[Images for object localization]
────────────────────
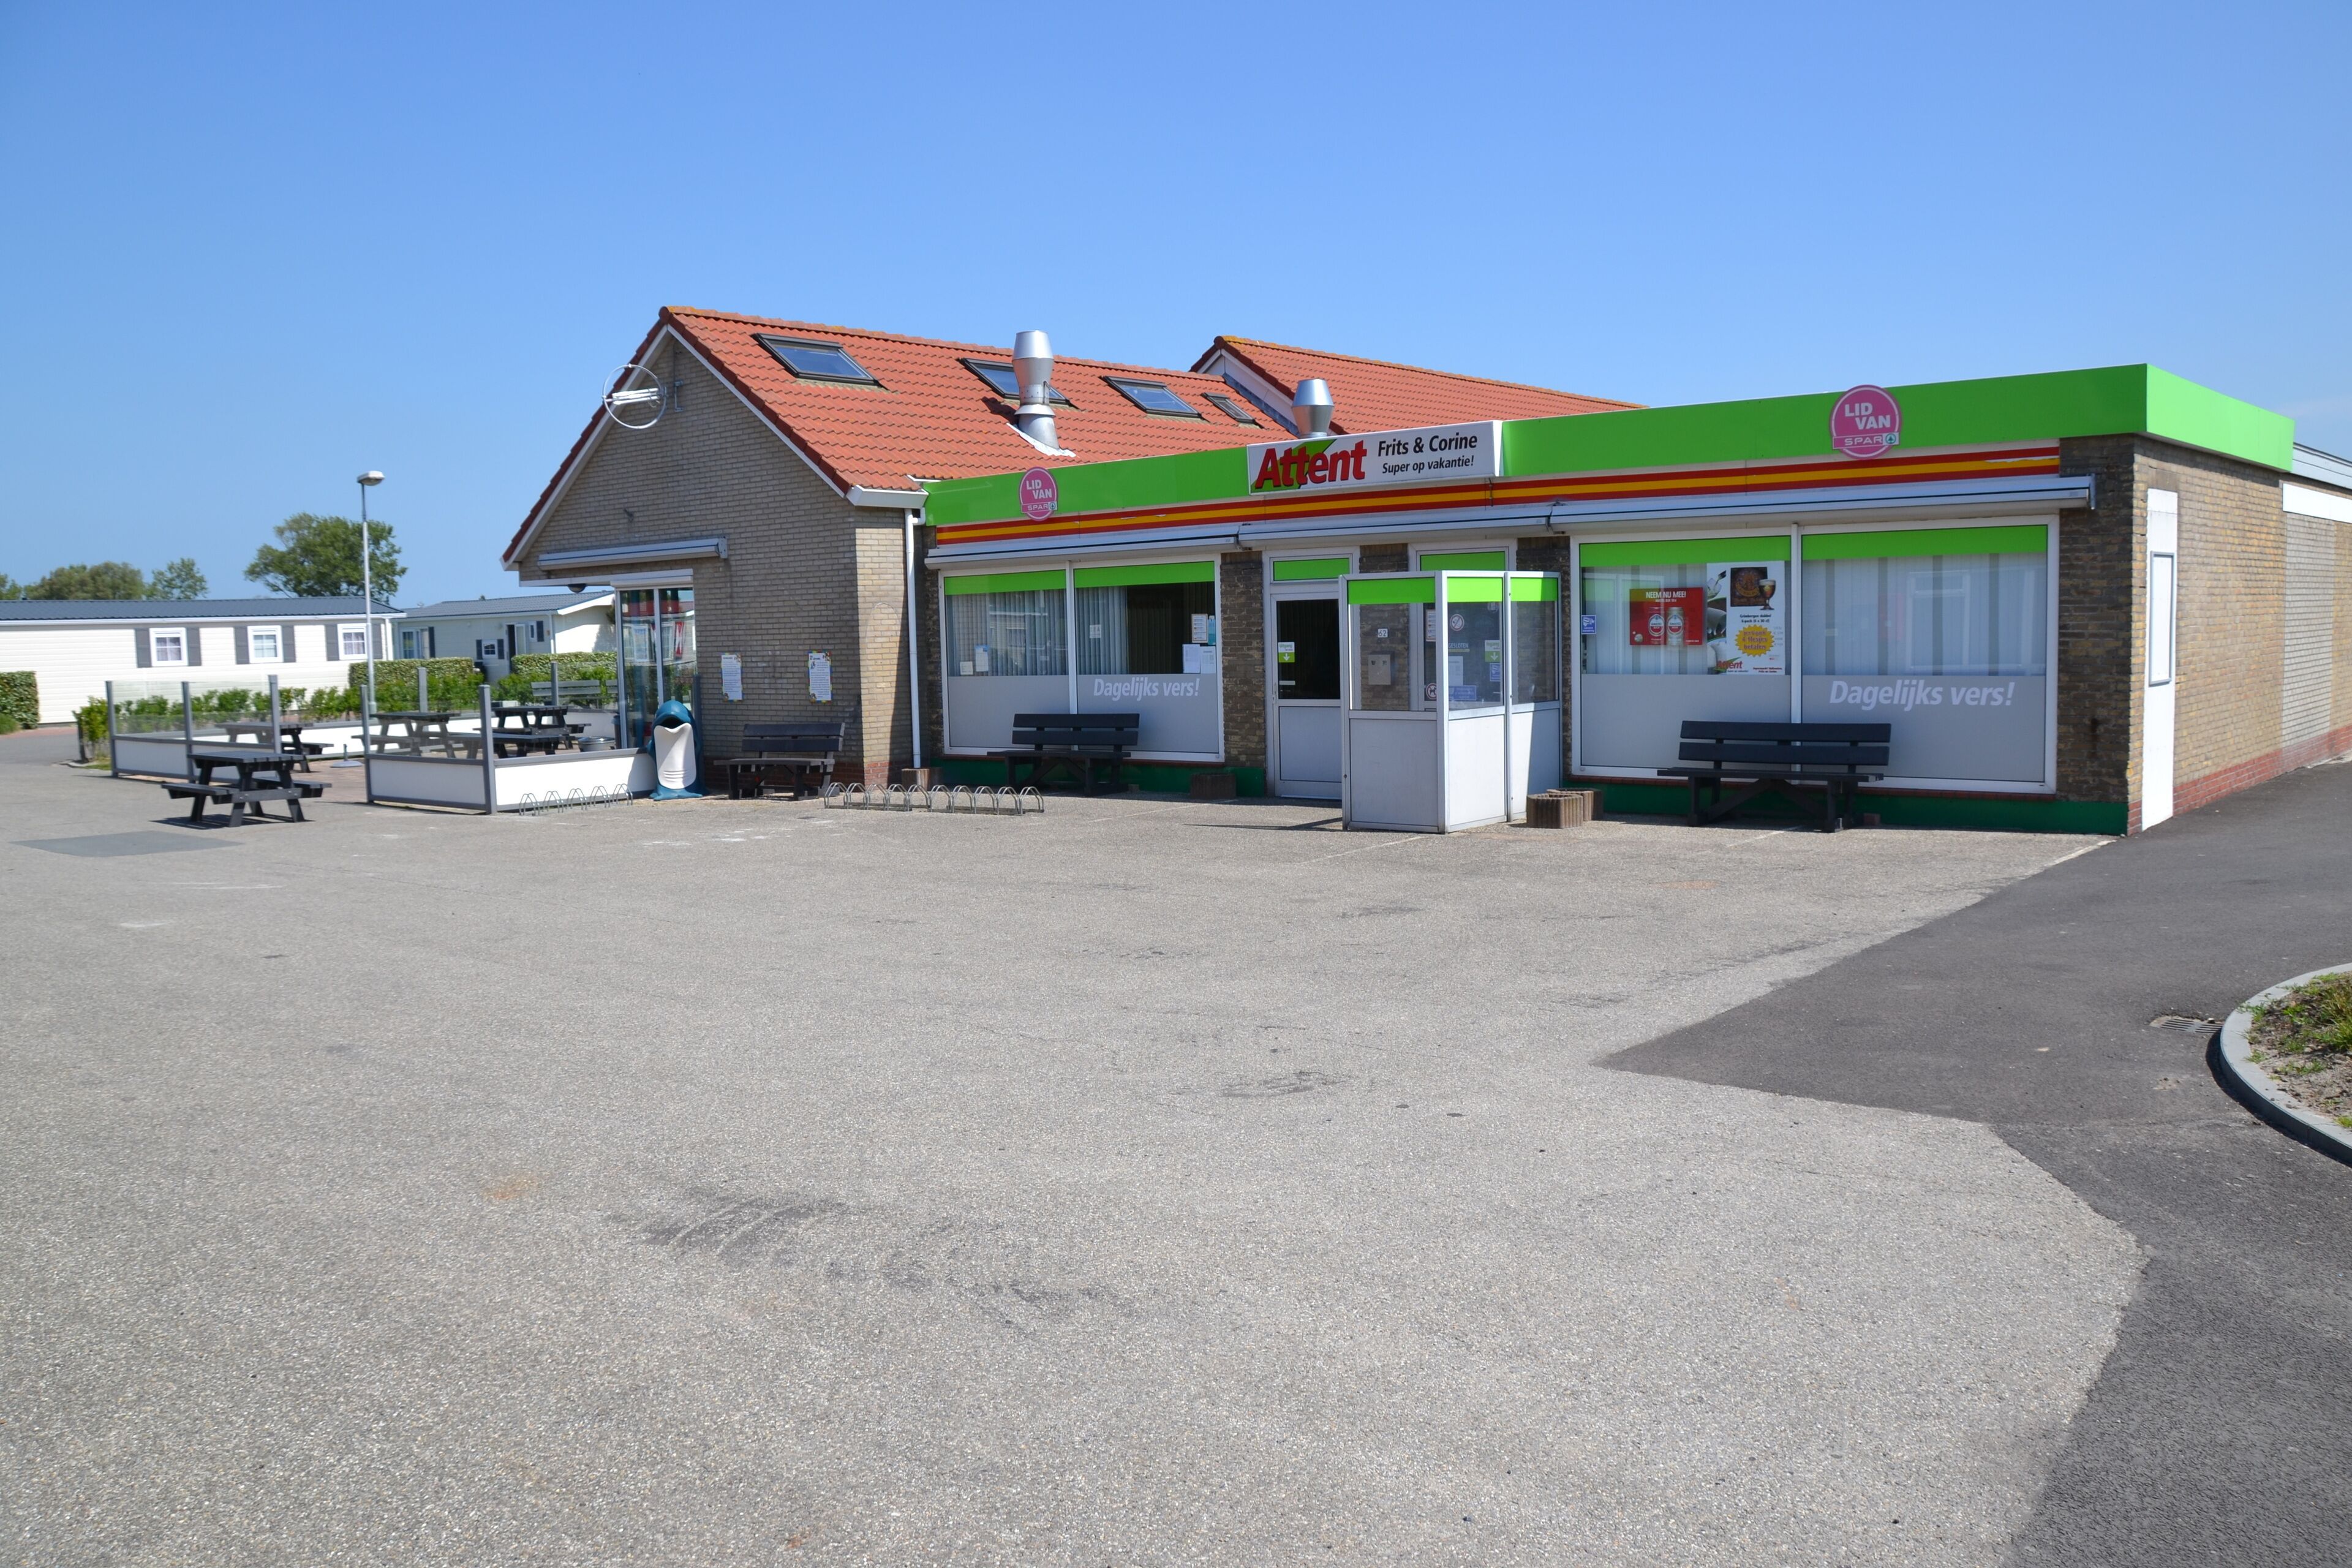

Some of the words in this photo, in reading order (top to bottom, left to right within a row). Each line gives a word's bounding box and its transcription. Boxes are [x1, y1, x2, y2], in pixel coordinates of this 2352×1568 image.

[1845, 402, 1873, 417] LID
[1855, 415, 1891, 430] VAN
[1378, 439, 1409, 457] Frits
[1413, 437, 1425, 453] &
[1429, 432, 1478, 452] Corine
[1844, 436, 1882, 446] SPAR
[1254, 440, 1367, 489] Attent
[1382, 462, 1410, 476] Super
[1412, 462, 1425, 473] op
[1427, 455, 1474, 470] vakantie!
[1026, 480, 1042, 490] LID
[1032, 489, 1052, 499] VAN
[1093, 677, 1159, 701] Dagelijks
[1163, 678, 1200, 696] vers!
[1829, 679, 1943, 712] Dagelijks
[1950, 682, 2015, 706] vers!
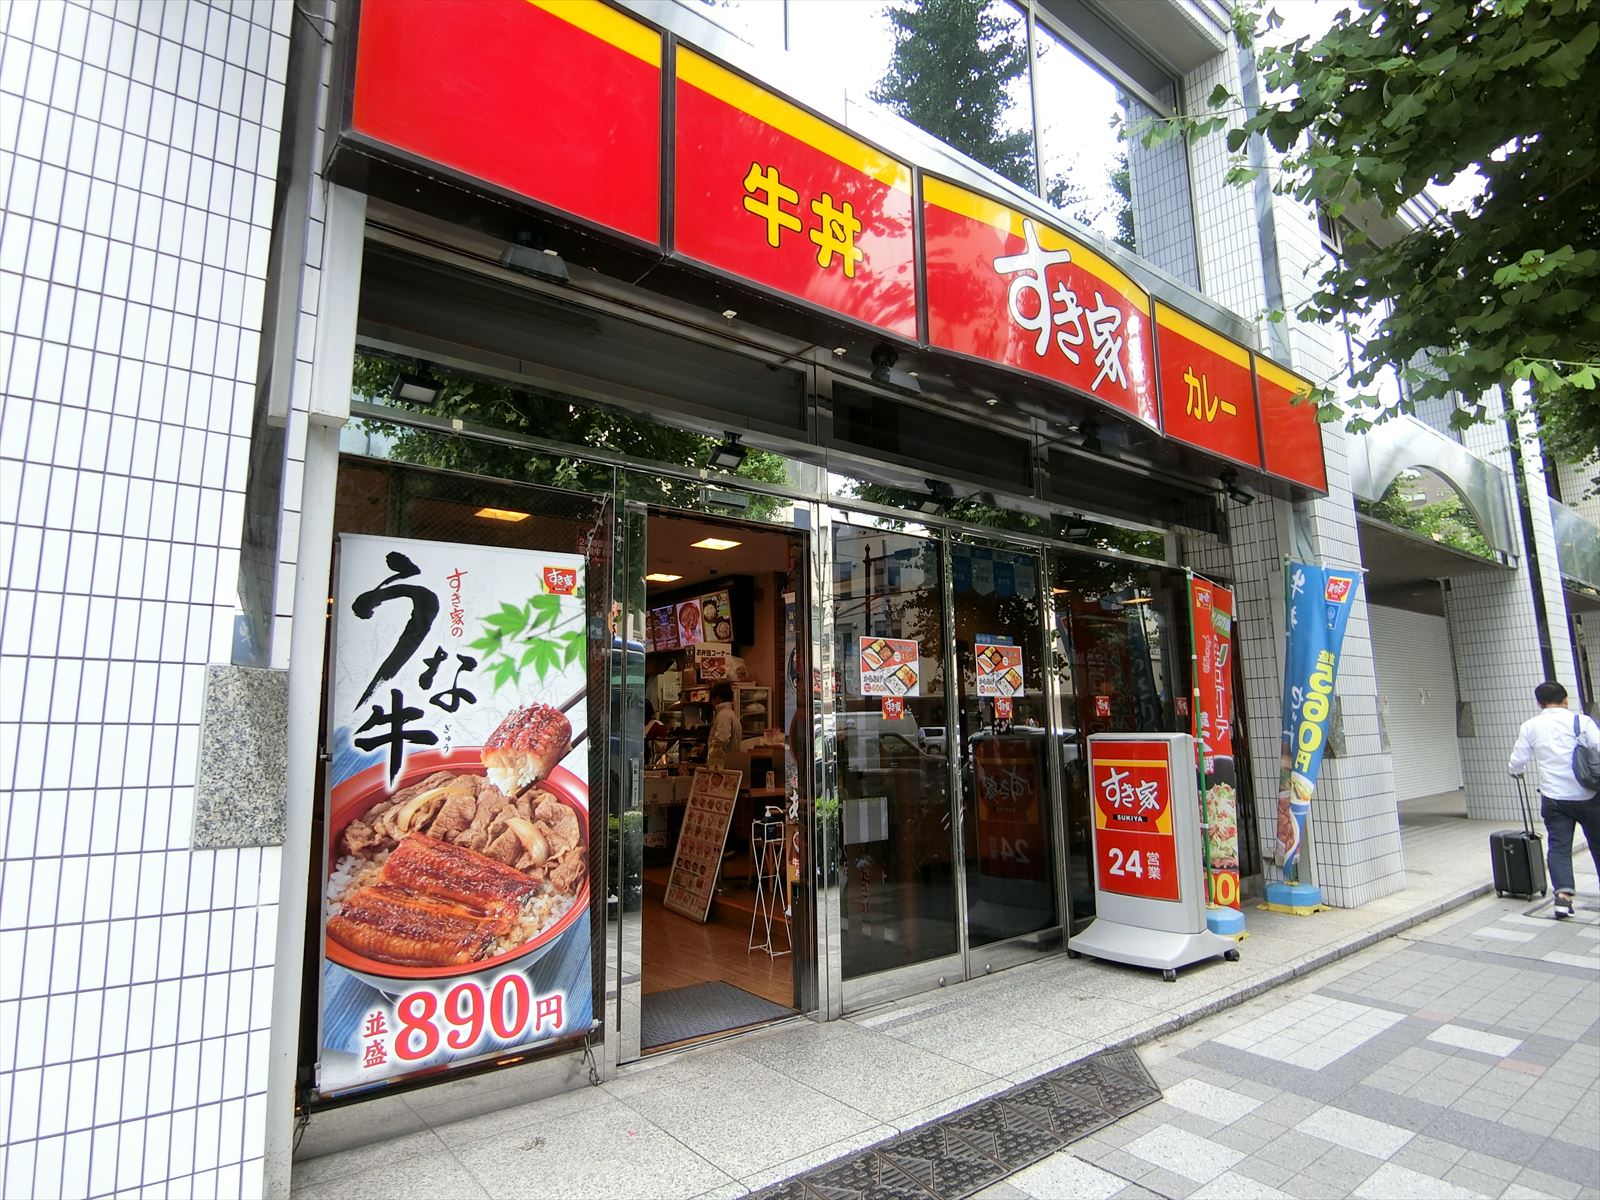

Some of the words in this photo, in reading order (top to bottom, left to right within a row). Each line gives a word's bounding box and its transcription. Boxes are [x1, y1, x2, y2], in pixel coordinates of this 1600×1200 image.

[743, 161, 863, 278] 牛丼
[993, 218, 1128, 392] すき家
[1183, 366, 1237, 424] カレー
[446, 567, 466, 638] すき家の
[548, 569, 573, 587] すき家
[443, 724, 452, 754] ぎゅう
[1102, 767, 1160, 814] すき家
[1117, 814, 1143, 822] SUKIYA
[1108, 847, 1143, 878] 24
[1147, 851, 1161, 880] 営業
[362, 1012, 388, 1068] 並盛
[394, 974, 564, 1062] 890円
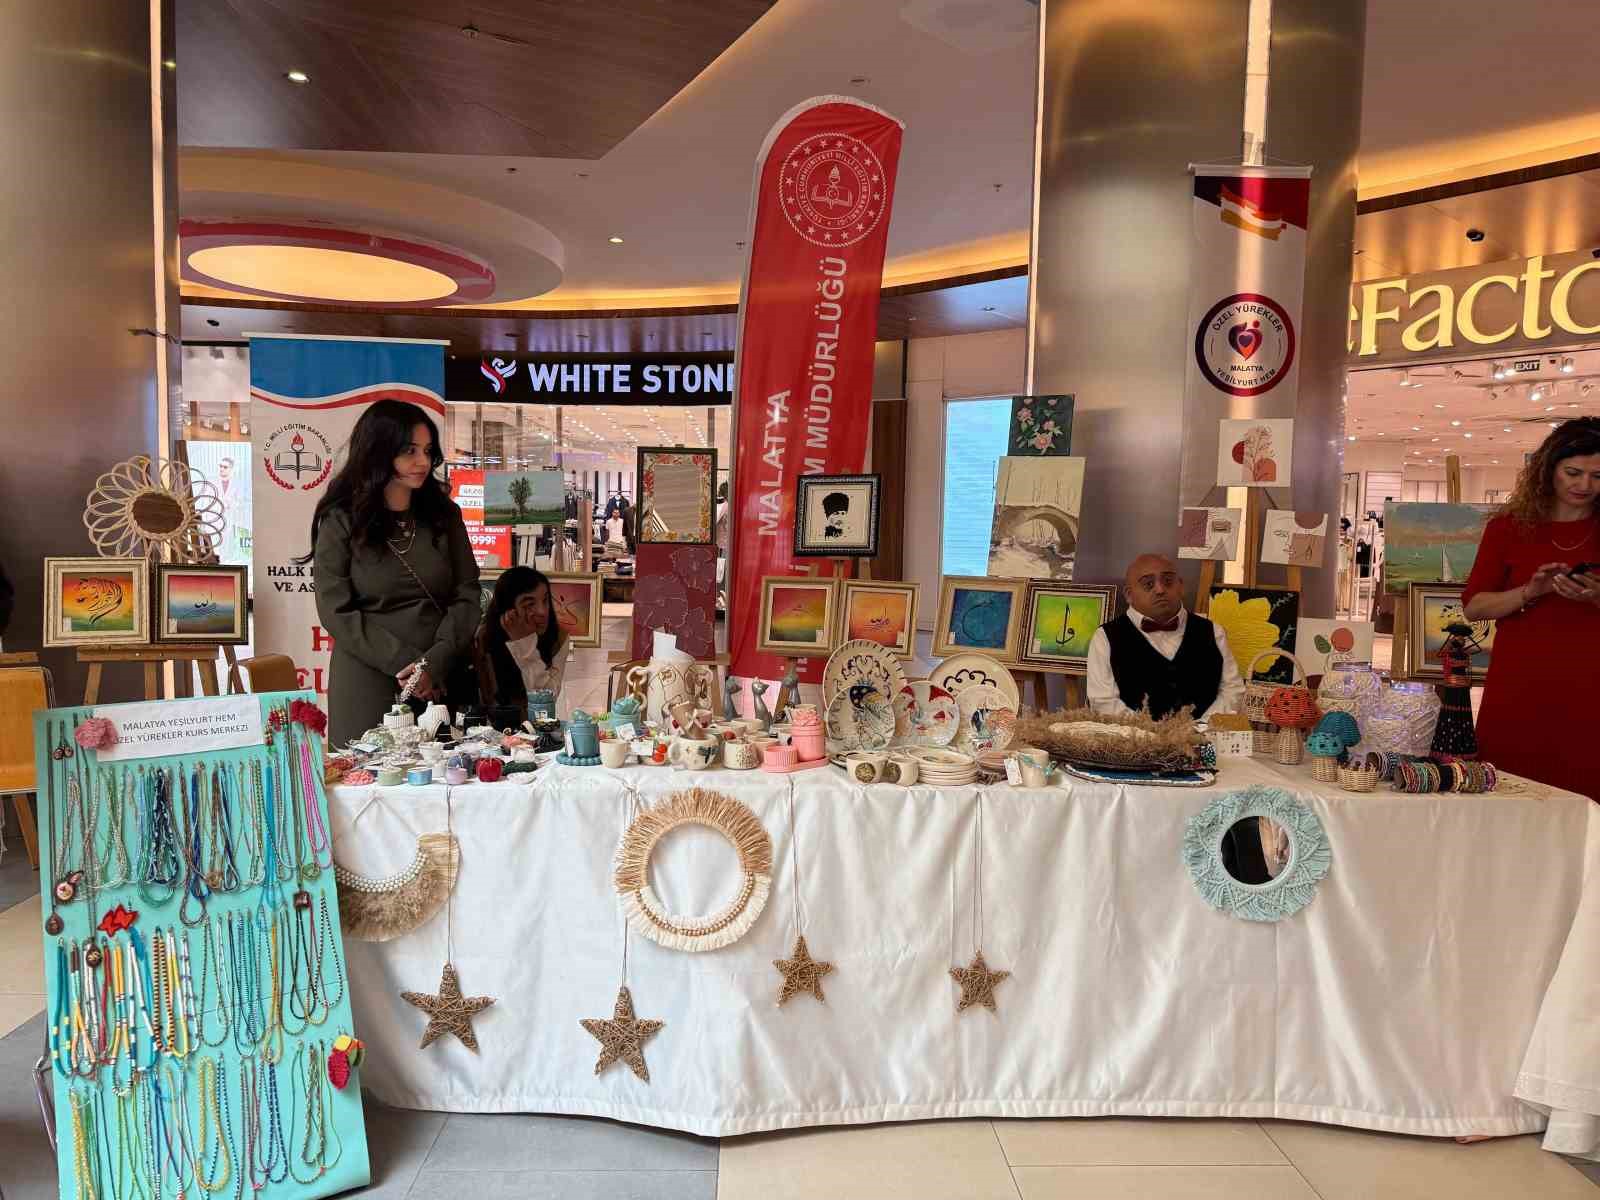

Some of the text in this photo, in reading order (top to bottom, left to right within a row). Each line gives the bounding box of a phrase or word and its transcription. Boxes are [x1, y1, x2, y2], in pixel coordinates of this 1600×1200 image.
────────────────────
DIRECTIONS FOR THIS TASK: Reproduce the entries above word for word. Pictures stay out.

EXERCISE RESULT:
Some of the words in this photo, in reading order (top to bottom, left to right within a row). Each line gives a word's bounding box and its transcription. Boxes are [x1, y1, x2, y2], in pixel coordinates of this 2352×1568 image.

[1845, 402, 1873, 417] LID
[1855, 415, 1891, 430] VAN
[1378, 439, 1409, 457] Frits
[1413, 437, 1425, 453] &
[1429, 432, 1478, 452] Corine
[1844, 436, 1882, 446] SPAR
[1254, 440, 1367, 489] Attent
[1382, 462, 1410, 476] Super
[1412, 462, 1425, 473] op
[1427, 455, 1474, 470] vakantie!
[1026, 480, 1042, 490] LID
[1032, 489, 1052, 499] VAN
[1093, 677, 1159, 701] Dagelijks
[1163, 678, 1200, 696] vers!
[1829, 679, 1943, 712] Dagelijks
[1950, 682, 2015, 706] vers!

Some of the words in this photo, in reading order (top to bottom, left to right within a row). Each line gives a word's bounding box and its transcription. Boxes are [x1, y1, x2, y2], in pixel coordinates of this 1600×1200 image.

[743, 161, 863, 278] 牛丼
[993, 218, 1128, 392] すき家
[1183, 366, 1237, 424] カレー
[446, 567, 466, 638] すき家の
[548, 569, 573, 587] すき家
[443, 724, 452, 754] ぎゅう
[1102, 767, 1160, 814] すき家
[1117, 814, 1143, 822] SUKIYA
[1108, 847, 1143, 878] 24
[1147, 851, 1161, 880] 営業
[362, 1012, 388, 1068] 並盛
[394, 974, 564, 1062] 890円

Some of the text in this photo, in reading order (top to bottom, left to right within a row). Each line gives the bounding box of a phrase or word and its transcription. Boxes are [x1, y1, x2, y2], in pixel coordinates of this 1600×1200 image.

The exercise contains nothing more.